Restate the listing below word for word; no pictures belong in the copy.
----- Extracted information
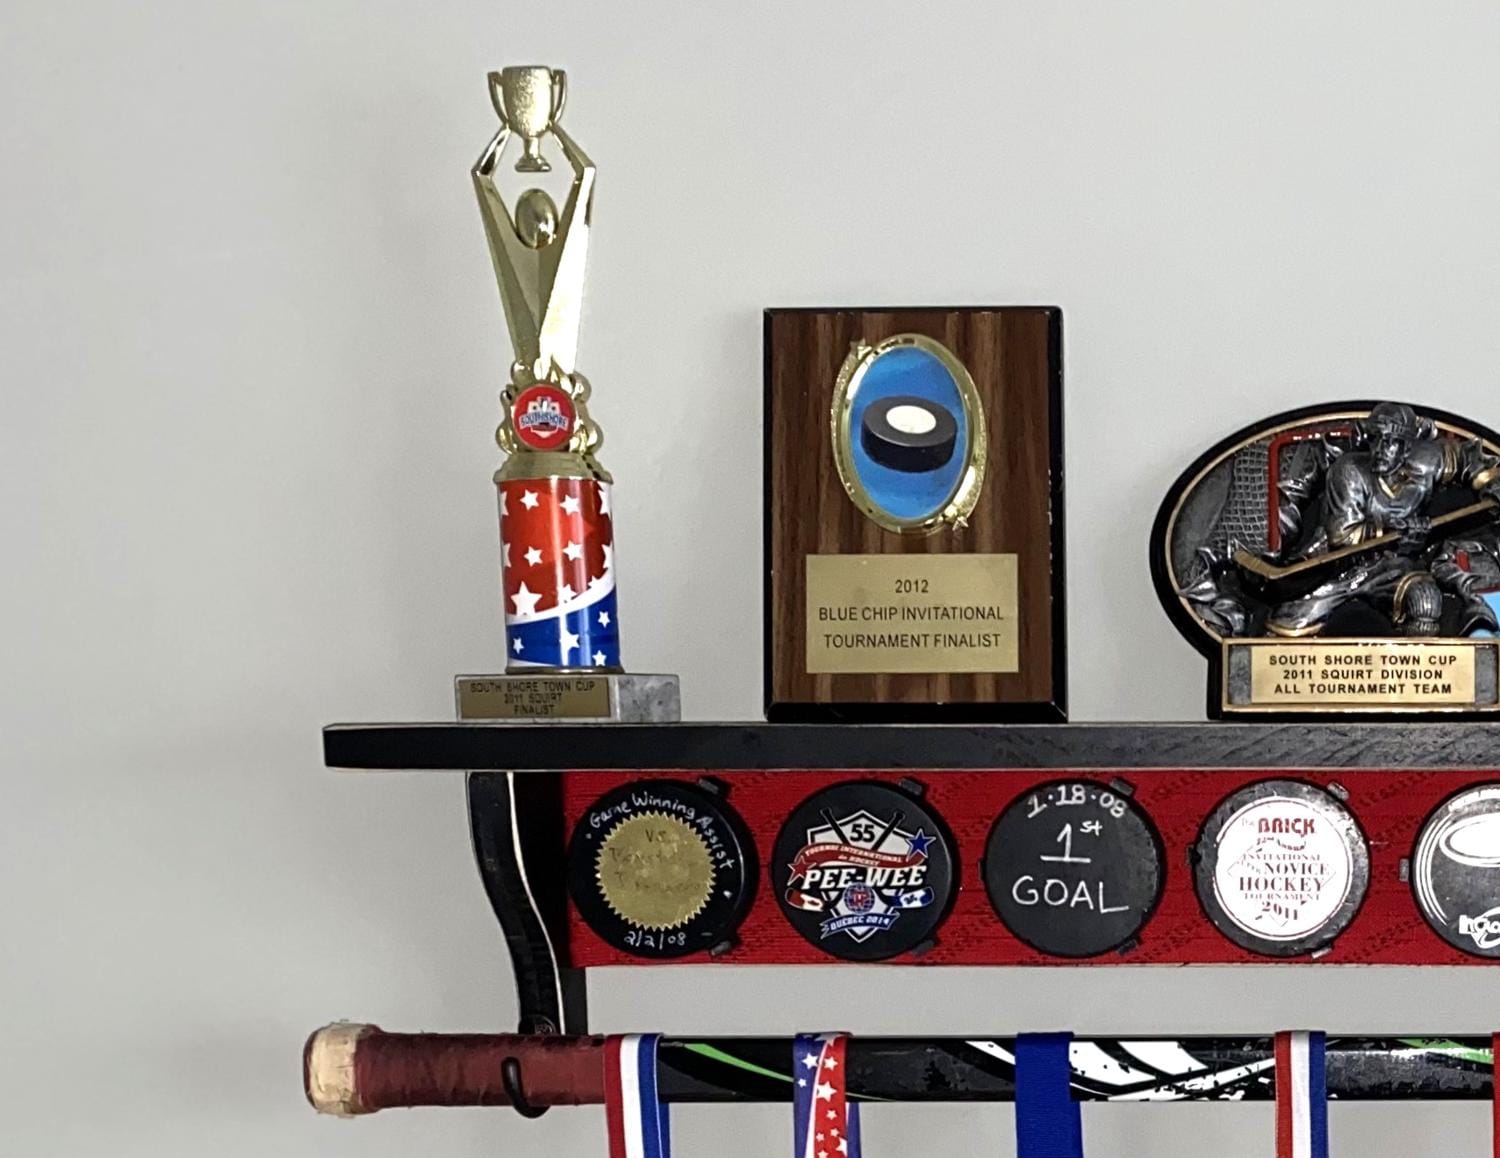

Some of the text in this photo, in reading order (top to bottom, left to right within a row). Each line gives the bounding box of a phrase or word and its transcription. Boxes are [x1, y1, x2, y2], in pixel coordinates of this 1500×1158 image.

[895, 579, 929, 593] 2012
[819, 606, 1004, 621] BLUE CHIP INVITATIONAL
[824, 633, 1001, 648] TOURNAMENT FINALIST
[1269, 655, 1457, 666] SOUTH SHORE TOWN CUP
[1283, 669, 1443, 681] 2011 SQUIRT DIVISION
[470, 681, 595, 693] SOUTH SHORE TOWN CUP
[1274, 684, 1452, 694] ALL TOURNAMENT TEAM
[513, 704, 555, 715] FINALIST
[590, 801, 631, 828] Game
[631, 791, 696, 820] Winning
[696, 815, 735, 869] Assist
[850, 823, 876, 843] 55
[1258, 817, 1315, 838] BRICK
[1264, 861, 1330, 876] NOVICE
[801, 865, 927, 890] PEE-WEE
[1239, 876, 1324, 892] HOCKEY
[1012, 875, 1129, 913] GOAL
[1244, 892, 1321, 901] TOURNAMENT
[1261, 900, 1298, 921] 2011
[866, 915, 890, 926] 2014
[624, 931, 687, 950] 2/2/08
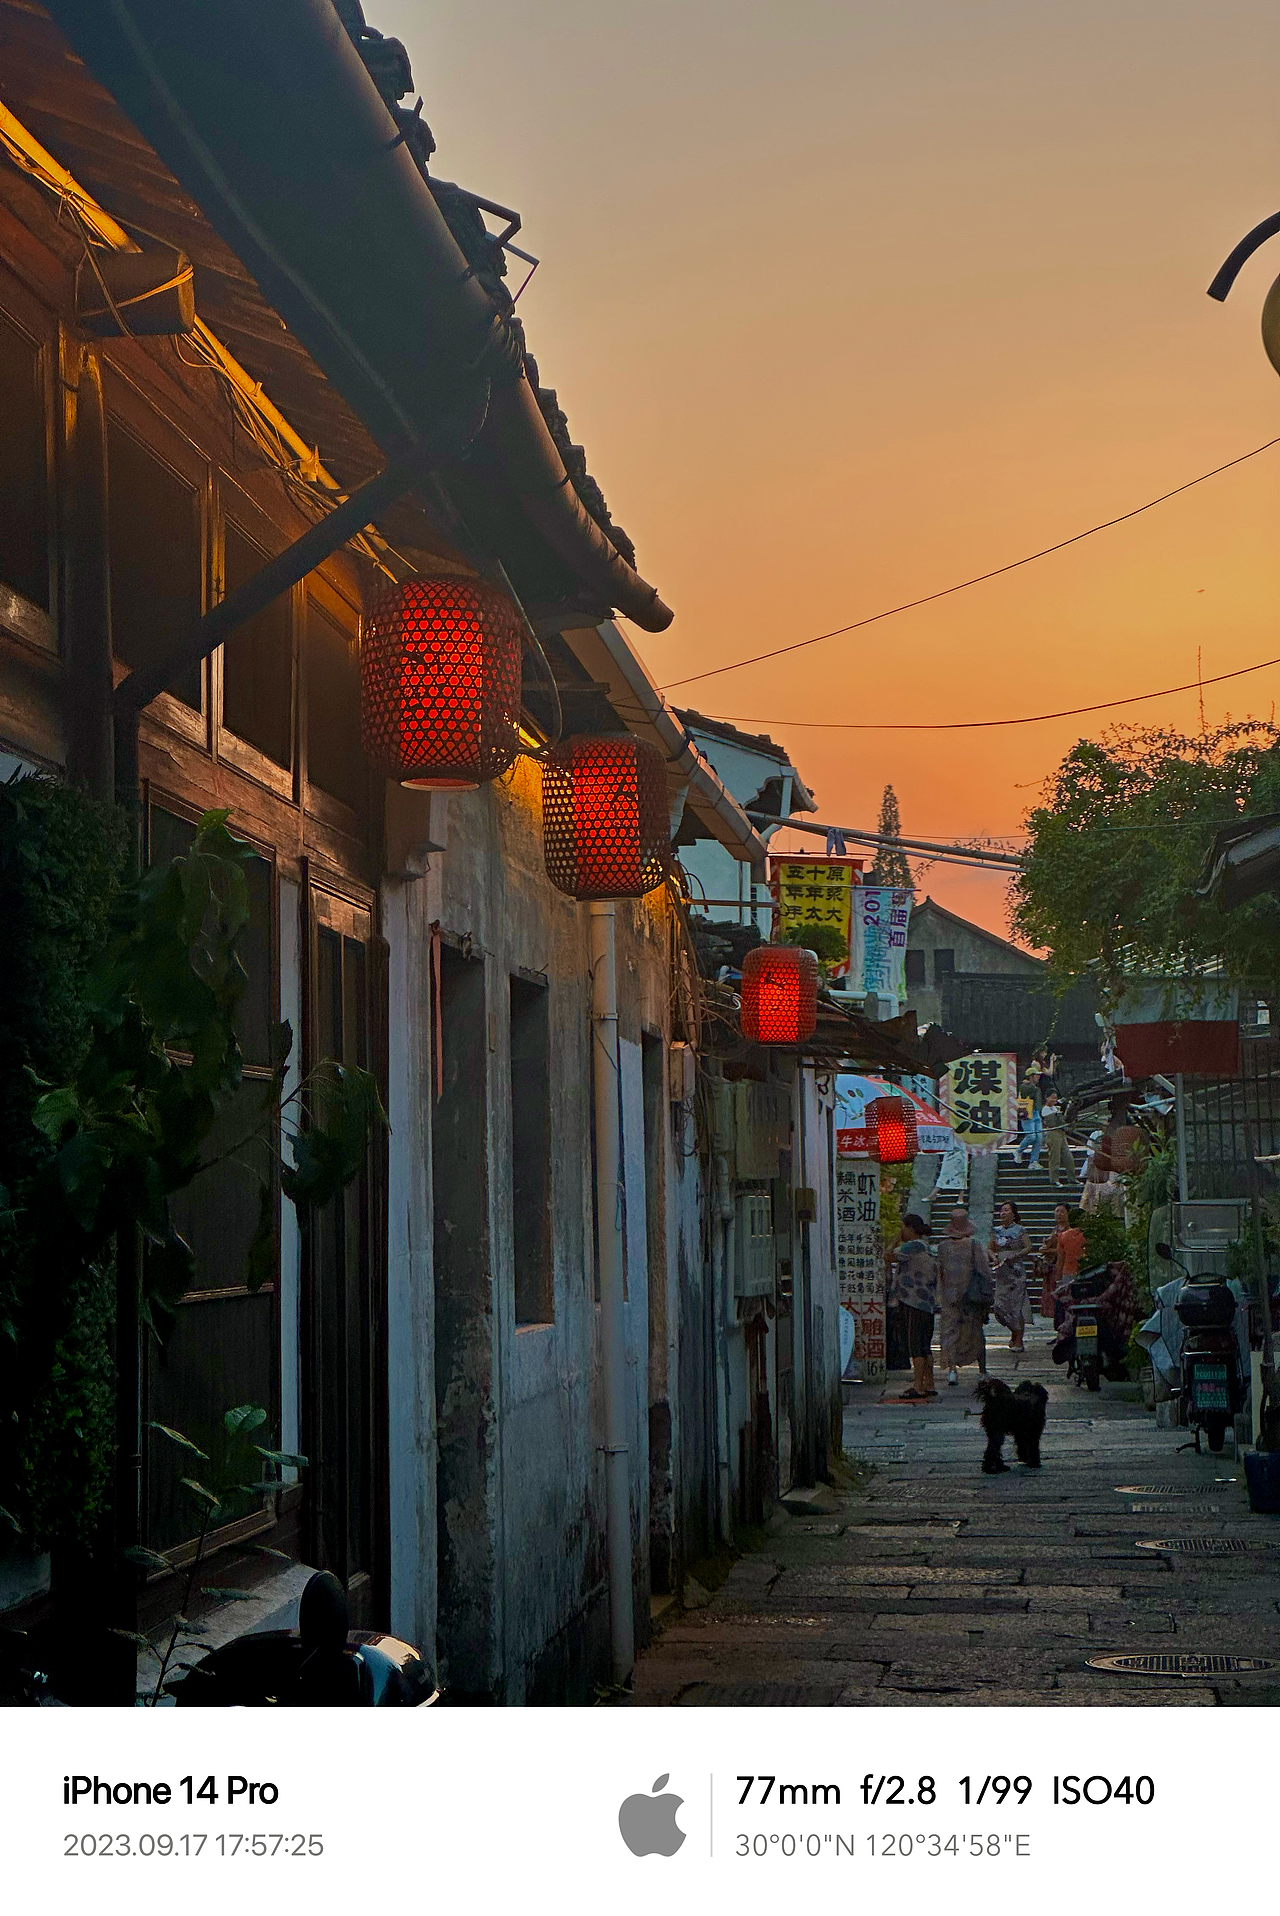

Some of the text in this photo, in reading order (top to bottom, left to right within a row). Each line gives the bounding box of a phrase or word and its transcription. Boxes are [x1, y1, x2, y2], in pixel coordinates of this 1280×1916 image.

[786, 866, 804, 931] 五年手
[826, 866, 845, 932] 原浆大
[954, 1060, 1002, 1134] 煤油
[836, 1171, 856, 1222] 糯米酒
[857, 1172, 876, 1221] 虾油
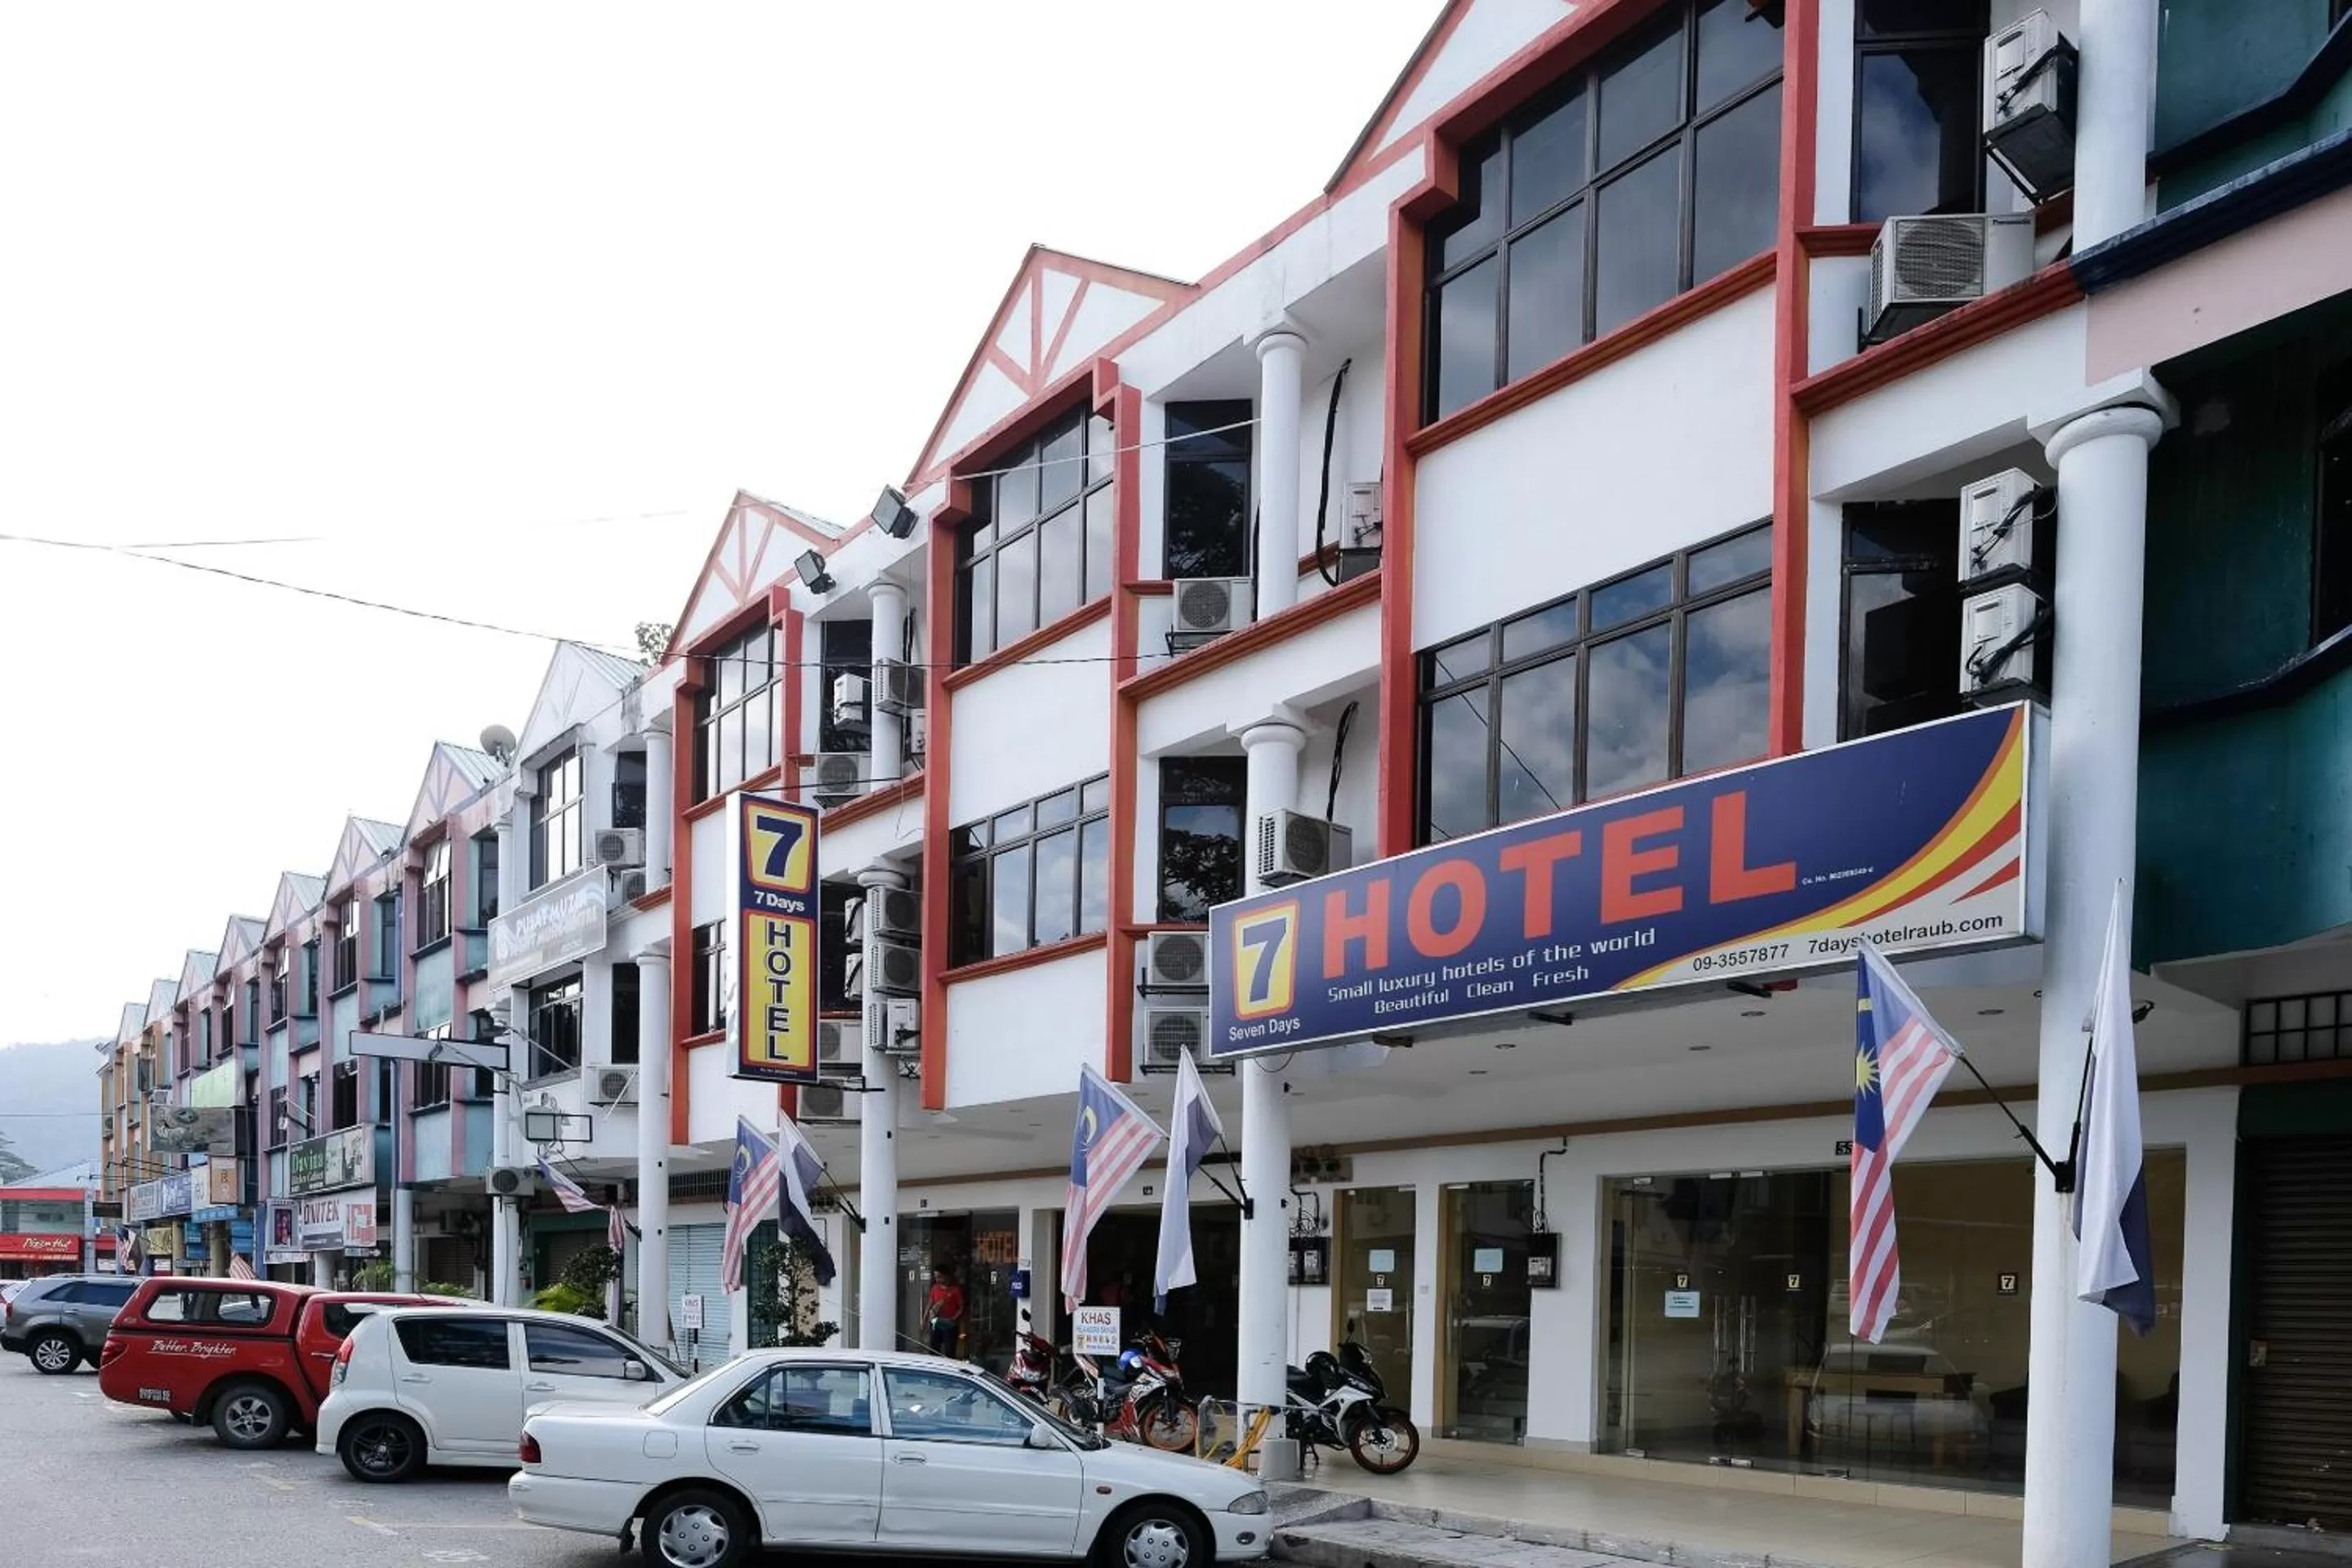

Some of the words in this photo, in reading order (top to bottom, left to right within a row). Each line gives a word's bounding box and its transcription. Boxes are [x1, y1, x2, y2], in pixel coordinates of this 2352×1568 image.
----------
Task result →
Some of the text in this photo, in reading order (top to bottom, left to right within a row). Each line gives the bounding box of a phrase or word and its transcription. Boxes are [x1, y1, x2, y2], in pixel coordinates of this 1500×1158 image.

[895, 579, 929, 593] 2012
[819, 606, 1004, 621] BLUE CHIP INVITATIONAL
[824, 633, 1001, 648] TOURNAMENT FINALIST
[1269, 655, 1457, 666] SOUTH SHORE TOWN CUP
[1283, 669, 1443, 681] 2011 SQUIRT DIVISION
[470, 681, 595, 693] SOUTH SHORE TOWN CUP
[1274, 684, 1452, 694] ALL TOURNAMENT TEAM
[513, 704, 555, 715] FINALIST
[590, 801, 631, 828] Game
[631, 791, 696, 820] Winning
[696, 815, 735, 869] Assist
[850, 823, 876, 843] 55
[1258, 817, 1315, 838] BRICK
[1264, 861, 1330, 876] NOVICE
[801, 865, 927, 890] PEE-WEE
[1239, 876, 1324, 892] HOCKEY
[1012, 875, 1129, 913] GOAL
[1244, 892, 1321, 901] TOURNAMENT
[1261, 900, 1298, 921] 2011
[866, 915, 890, 926] 2014
[624, 931, 687, 950] 2/2/08

Some of the text in this photo, in reading order (top to bottom, left to right within a row). Each line gives the bounding box of a phrase or word and its transcription. Boxes are [x1, y1, x2, y2], in pixel coordinates of this 1280×1916 image.

[786, 866, 804, 931] 五年手
[826, 866, 845, 932] 原浆大
[954, 1060, 1002, 1134] 煤油
[836, 1171, 856, 1222] 糯米酒
[857, 1172, 876, 1221] 虾油

Some of the words in this photo, in reading order (top to bottom, left to right within a row). Each line gives a word's bounding box and its transcription. Boxes are [x1, y1, x2, y2], in pixel coordinates of this 2352×1568 image.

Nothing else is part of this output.